Une carcasse de poulain a été découverte dans une ferme de l'Essonne, fin février. Une association est persuadée qu'un loup en est responsable, mais les autorités restent circonspectes, faute d'avoir pu étudier sérieusement le cadavre.

Article rédigé par Fabien Magnenou
France Télévisions
Publié
Temps de lecture : 5min
Un loup nage dans un plan d'eau artificiel du zoo de Vincennes, à Paris, le 3 juillet 2015. (PATRICK KOVARIK / AFP)

La carcasse est à moitié dévorée. Mercredi 22 février, un exploitant de Dourdan (Essonne) découvre les restes d'un de ses poulains, dans son parc de 15 hectares. Une empreinte de patte est même relevée à proximité, indique Le Parisien, qui a révélé l'affaire. Officiellement, la présence du loup n'est pas avérée en Ile-de-France : au plus près, il n'a été observé que dans la Marne, à 200 km de Dourdan. Mais pour Manoel Atman, président de l'association Alliance avec les loups, pas de doute : un ou plusieurs de ces canidés se sont introduits dans la ferme francilienne, pour faire festin d'un animal né pendant la nuit. 

"Des côtes brisées en même temps"

"Alors qu'elles peuvent très bien charger les canidés, les six juments présentes étaient affolées le lendemain et le surlendemain, assure Manoel Atman, interrogé par franceinfo. Il s'agit pourtant d'animaux montés pour jouer au polo, téméraires et solides." Responsable d'une association qui prône "une cohabitation durable entre le loup et l'homme", il évoque la violence de l'attaque pour appuyer son hypothèse : "Trois côtes ont été saisies et brisées en même temps." Les jours précédents, les chasseurs auraient été surpris par l'absence de chevreuils dans les parages.

La carcasse de poulain découverte dans une exploitation de Dourdan (Essonne), fin février. (MANOEL ATMAN)

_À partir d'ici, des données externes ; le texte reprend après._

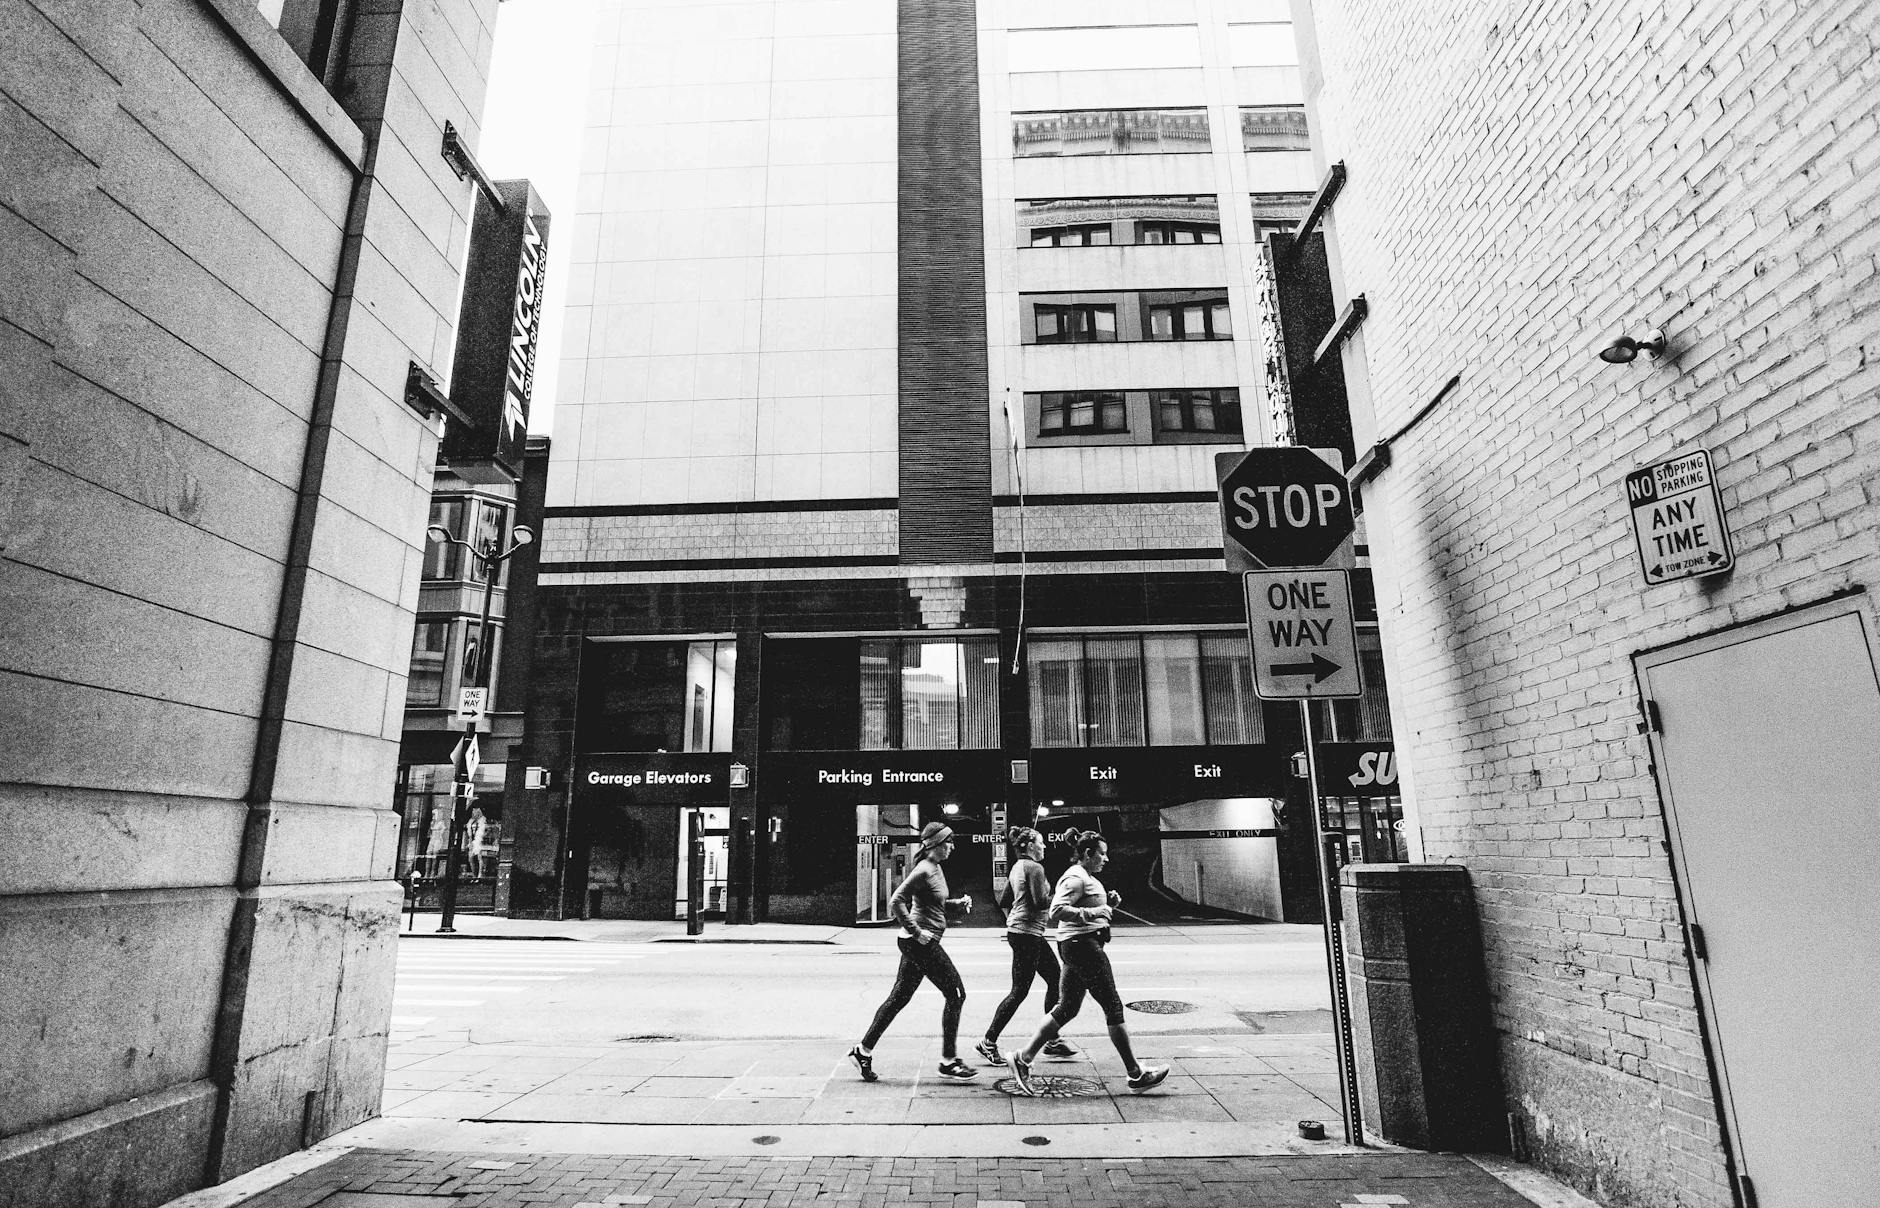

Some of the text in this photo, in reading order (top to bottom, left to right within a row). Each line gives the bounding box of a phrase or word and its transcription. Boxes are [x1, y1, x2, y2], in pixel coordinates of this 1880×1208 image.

[509, 215, 542, 394] LINCOLN
[524, 241, 547, 400] COLLEGE OF TECHNOLOGY
[1656, 456, 1704, 481] STOPPING
[1628, 475, 1653, 501] NO
[1661, 470, 1704, 493] PARKING
[1233, 483, 1341, 530] STOP
[1652, 496, 1696, 530] ANY
[1652, 523, 1708, 557] TIME
[1665, 562, 1682, 573] TOW
[1683, 556, 1706, 569] ZONE
[1267, 582, 1331, 611] ONE
[1268, 618, 1333, 648] WAY
[464, 699, 480, 707] WAY
[465, 690, 480, 698] ONE
[588, 771, 712, 787] Garage Elevators
[818, 769, 944, 786] Parking Entrance
[1090, 766, 1118, 780] Exit
[1194, 764, 1222, 778] Exit
[1348, 751, 1399, 788] SU
[858, 835, 889, 844] ENTER
[972, 834, 1002, 843] ENTER
[1048, 832, 1066, 842] EXI
[1209, 829, 1261, 838] EXIT ONLY

Le ou les prédateurs seraient repassés la nuit suivante, selon lui. L'éleveur aurait alors répandu du sable autour de la carcasse, pour enregistrer d'éventuelles empreintes. Mais la nuit suivante, pas de troisième service. Aucune bête n'est passée. Une autre preuve, selon Manoel Altman, décidément sûr de son fait : "Quand les loups 'prédatent', les autres charognards hésitent à venir trop tôt." Impossible d'interroger l'éleveur pour en apprendre davantage, car celui-ci veut conserver l'anonymat.

Un poulain "trop consommé pour un diagnostic précis"

Ces arguments ne convainquent pas l'Office national de la chasse et de la faune sauvage (ONCFS), justement chargé de surveiller et d'étudier les populations de loups en France. "Au départ, nous n'avons pas été prévenus de cette découverte, regrette même son directeur, Eric Hansen, contacté par franceinfo – Manoel Atman affirme le contraire. L'Office a été informé une semaine plus tard, et nous avons dû nous contenter de la photo." 

Le poulain (...) est tellement consommé qu’on ne peut pas poser de diagnostic précis (il n’y a pas de stigmates de mise à mort visibles permettant d’éclairer le diagnostic).

l'Office national de la chasse et de la faune sauvage

dans un communiqué

Malgré tout, deux agents de l'ONCFS se sont rendus dans l'élevage pour tenter d'obtenir des informations, vendredi 3 mars. Mais pour authentifier une attaque de loup, l'Office doit systématiquement réaliser des relevés scientifiques. En l'état, il est donc impossible de "conclure à une attaque de loup". Et si une empreinte d'un "grand canidé" est bien visible sur les clichés diffusés, faute d'obtenir ses dimensions précises, les photos "ne permettent pas d’exclure l’attaque d’un grand chien".

"Aucun élément ne permet de confirmer une prédation active, ni de la distinguer d’une consommation post-mortem", ajoute le communiqué de l'ONCFS. Autrement dit, des charognards, comme des renards ou des sangliers, auraient pu tout aussi bien se nourrir d'un animal mort-né. "Si le loup est là, on vous le dira. Mais avec cette simple photo, impossible de faire une analyse."

"Tôt ou tard, le loup devrait coloniser à nouveau l'Ile-de-France"

Jusqu'à preuve du contraire, le loup n'a pas encore pointé la truffe en Ile-de-France. Pourtant, l'Observatoire du loup, une autre association, considère que la découverte de chevreuils morts dans la forêt de Rambouillet (Yvelines), fin décembre, est une preuve de la présence du canidé. Là encore, l'Office national de la chasse et de la faune sauvage dément de telles conclusions. Les autorités, en revanche, ont bien localisé l'animal dans la Nièvre, fin décembre – des brebis ont été tuées – et dans la Marne, donc. Parfois, encore, le loup est observé près de grandes villes, comme Grenoble.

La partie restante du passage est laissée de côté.